エンタープライズ:ニュース 2003/05/06 08:42:00 更新


ベリタスはヘテロジニアスな環境で「ユーティリティコンピューティング」を推進する

「VERITAS VISION 2003 Las Vegas」が米国時間5月5日開幕。初日の基調講演にはゲイリー・ブルーム会長兼CEOが登場し、ベリタスはストレージと隣接するサーバの自動化やアプリケーション管理などでも製品展開することを説明。将来的にはヘテロジニアスに構築されたIT環境のユーティリティコンピューティングを実現する狙いだ。

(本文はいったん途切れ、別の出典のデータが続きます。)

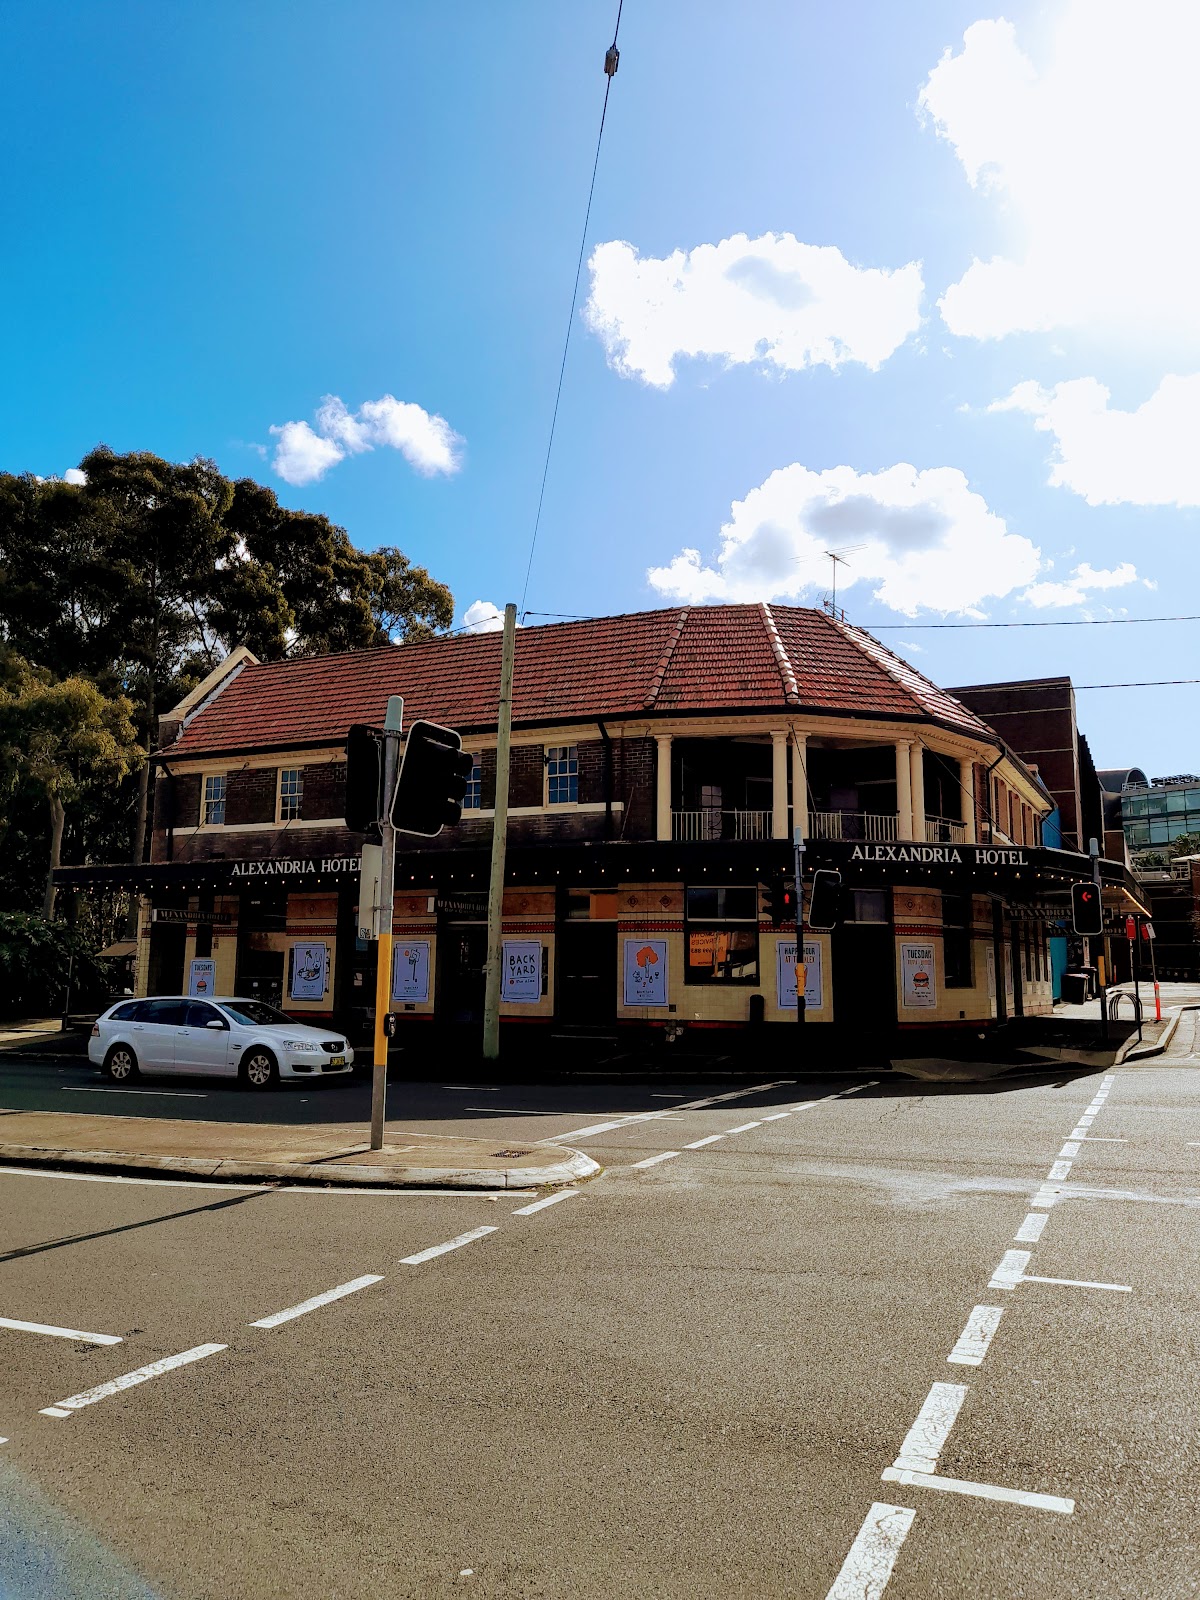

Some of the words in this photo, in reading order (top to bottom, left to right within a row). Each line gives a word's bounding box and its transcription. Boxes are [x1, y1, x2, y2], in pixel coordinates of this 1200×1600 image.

 「VERITAS VISION 2003 Las Vegas」が米国時間5月5日開幕した。初日の基調講演にはゲイリー・ブルーム会長兼CEOが登場し、ベリタスソフトウェア(ベリタス)はストレージだけでなく、さらにサーバの自動化、アプリケーション管理などを投入すると話した。将来的には、ヘテロジニアスに構築されたIT環境におけるユーティリティコンピューティングを実現する狙いだ。

 VERITAS VISION 2003は、イラク戦争やSARSの影響などで、日本からの参加者は減少したものの、全体としては2500人以上が参加し昨年を上回る盛況を見せた。ラスベガスの中心街「ストリップ」の最南に位置する巨大ホテル、マンダレーベイのサウスコンベンションセンターは早朝から熱気を帯びている。

ゲイリー・ブルーム氏

「ヘテロジニアスは大きな挑戦だが、複雑なところに製品を投入していく」とブルーム氏


 企業のIT投資が減少する中で、同社の業績は好調だ。基調講演に立ったブルーム氏は、派手なパフォーマンスなどは使用せず、静かに強く業績をアピールする。ベリタスの2002年約15億ドルの収益を達成した。中でも第4四半期は、4億0500万ドルと四半期ベースで最高の収益を記録している。総収益の18%を技術投資し、エンジニアの数も増やすなど、ブルーム氏は“成長”を強調する。ソフトウェア企業としては、マイクロソフト、オラクル、SAPに続く第4位の時価総額だという。

「競合ベンダーはリストラを余儀なくされるなど再建を図っているが、ベリタスは成長している。景気回復がいつかは分からないが、回復したときには技術的にも優位になっているのがベリタスだ」(ブルーム氏)

 これまでストレージを中心にアベイラビリティ製品などを提供してきたベリタスは、好調を背景に、ストレージに隣接するサーバやアプリケーションの「パフォーマンス」と「オートメーション」にも焦点を当てる。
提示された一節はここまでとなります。